(Exercise inputs begins)

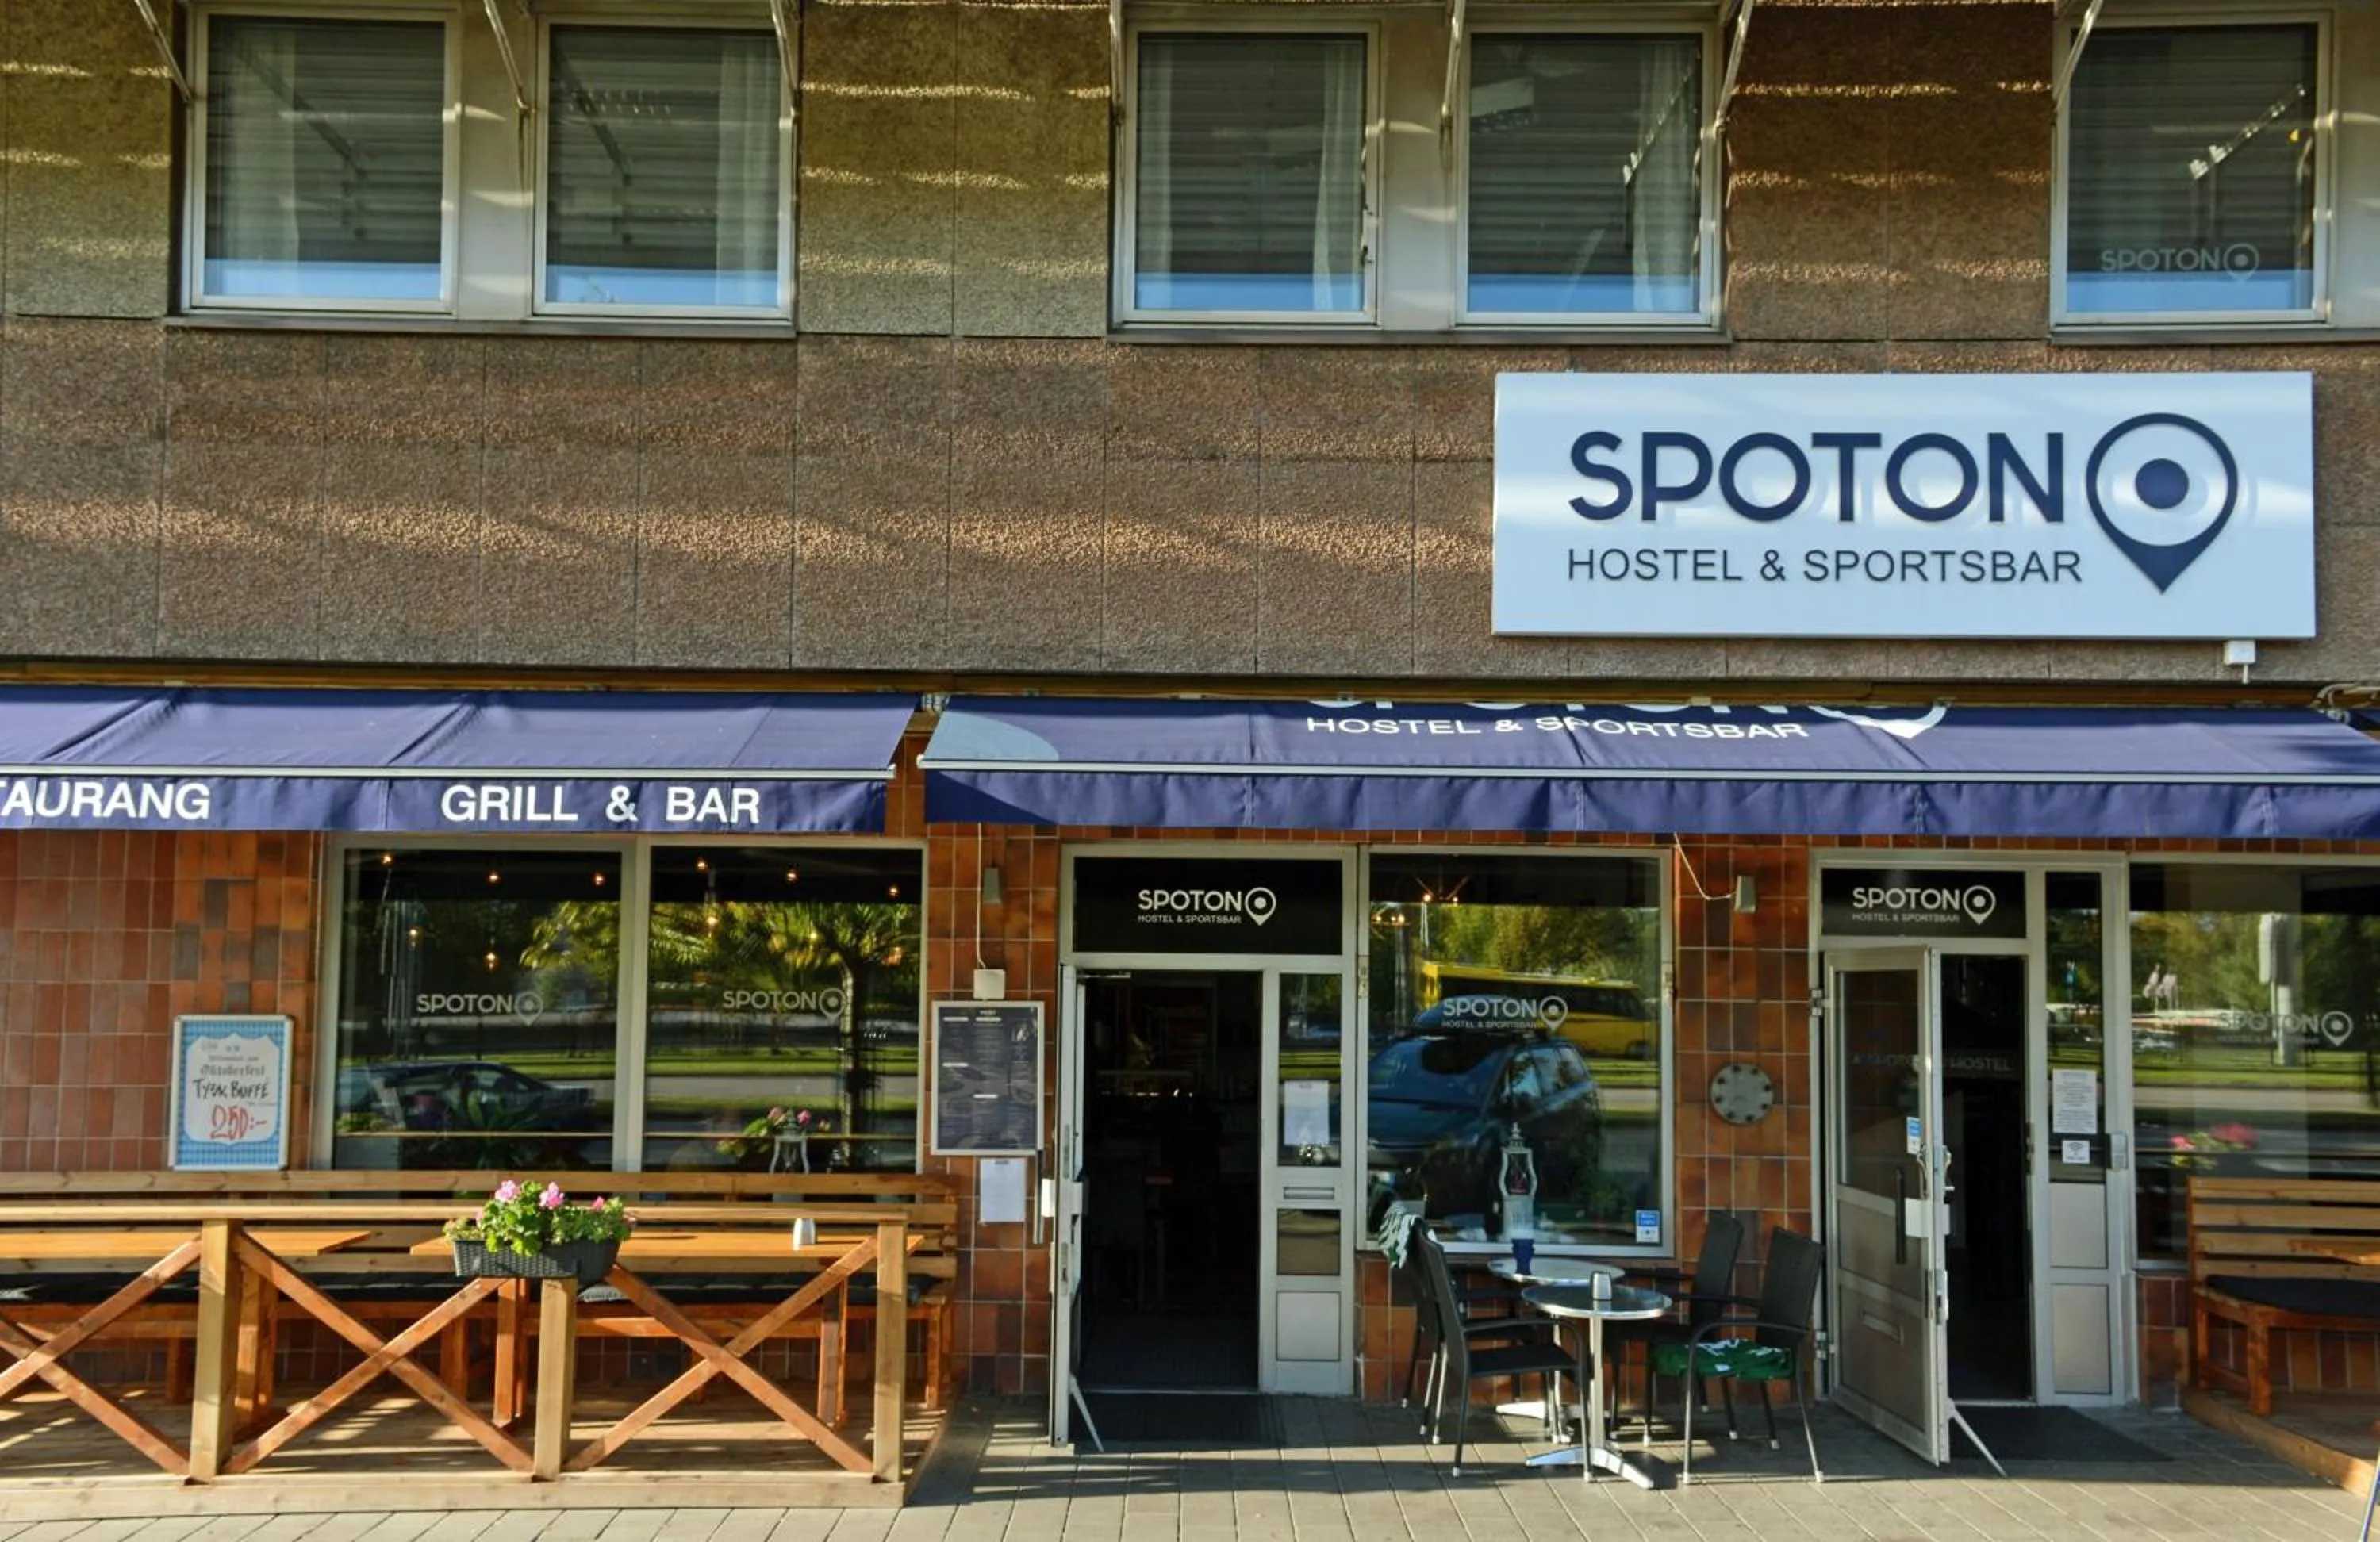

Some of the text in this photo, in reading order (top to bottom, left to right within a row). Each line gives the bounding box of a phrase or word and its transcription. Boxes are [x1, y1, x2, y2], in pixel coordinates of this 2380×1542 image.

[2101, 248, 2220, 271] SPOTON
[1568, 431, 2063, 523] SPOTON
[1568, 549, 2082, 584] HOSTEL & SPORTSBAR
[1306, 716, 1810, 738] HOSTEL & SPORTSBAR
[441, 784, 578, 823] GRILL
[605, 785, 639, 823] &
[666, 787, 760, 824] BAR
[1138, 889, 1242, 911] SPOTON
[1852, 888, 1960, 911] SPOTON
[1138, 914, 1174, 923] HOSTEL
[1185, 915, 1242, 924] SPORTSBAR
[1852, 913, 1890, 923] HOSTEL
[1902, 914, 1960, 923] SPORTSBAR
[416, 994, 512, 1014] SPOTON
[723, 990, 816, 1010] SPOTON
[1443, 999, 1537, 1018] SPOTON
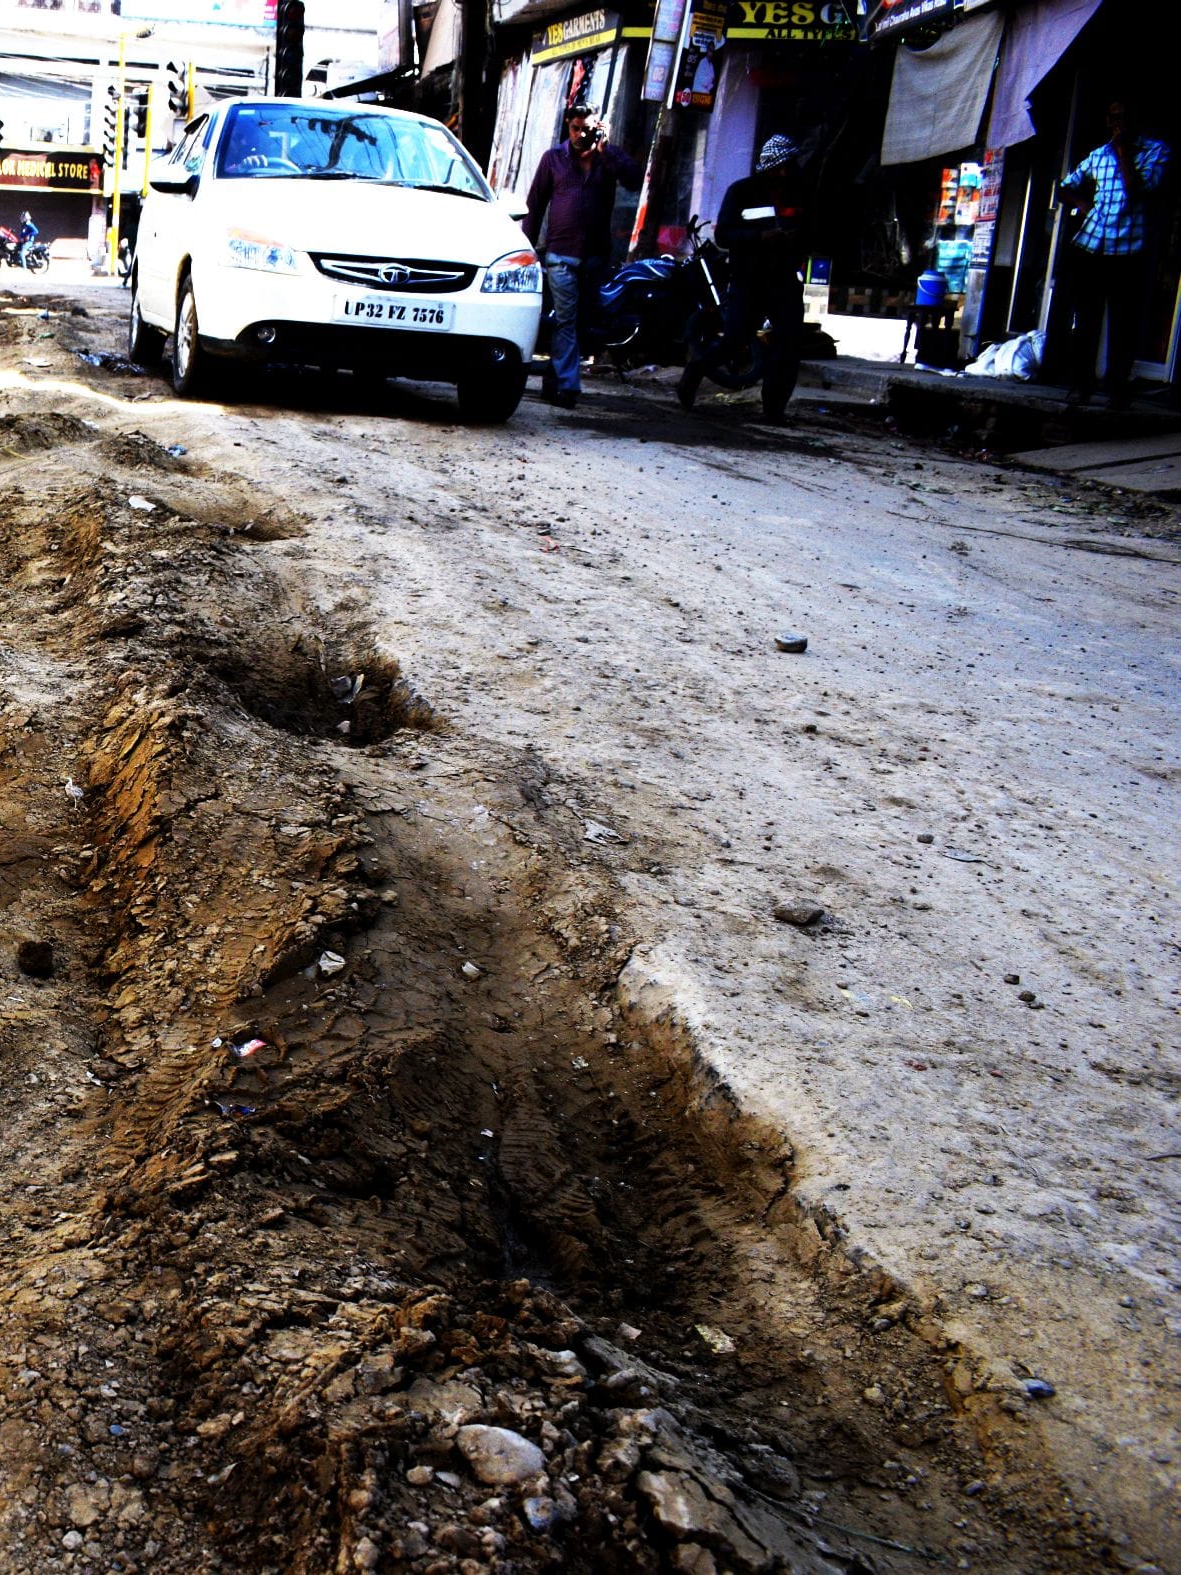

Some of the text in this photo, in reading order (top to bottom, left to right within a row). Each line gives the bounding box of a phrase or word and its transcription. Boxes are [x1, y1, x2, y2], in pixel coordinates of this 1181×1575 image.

(Exercise inputs ends)

Could every record be given again exactly, with its pictures left out?

Some of the text in this photo, in reading order (top to bottom, left to right within a row). Each line gives the bounding box of a phrase or word and its transcription. Boxes are [x1, y1, x2, y2], in pixel coordinates of this 2380×1542 image.

[2101, 248, 2220, 271] SPOTON
[1568, 431, 2063, 523] SPOTON
[1568, 549, 2082, 584] HOSTEL & SPORTSBAR
[1306, 716, 1810, 738] HOSTEL & SPORTSBAR
[441, 784, 578, 823] GRILL
[605, 785, 639, 823] &
[666, 787, 760, 824] BAR
[1138, 889, 1242, 911] SPOTON
[1852, 888, 1960, 911] SPOTON
[1138, 914, 1174, 923] HOSTEL
[1185, 915, 1242, 924] SPORTSBAR
[1852, 913, 1890, 923] HOSTEL
[1902, 914, 1960, 923] SPORTSBAR
[416, 994, 512, 1014] SPOTON
[723, 990, 816, 1010] SPOTON
[1443, 999, 1537, 1018] SPOTON

Some of the text in this photo, in reading order (top to bottom, left to right within a row). Each line gives the bounding box of a phrase or word and its transcription. Boxes are [x1, y1, x2, y2], in pixel coordinates of this 1181×1575 image.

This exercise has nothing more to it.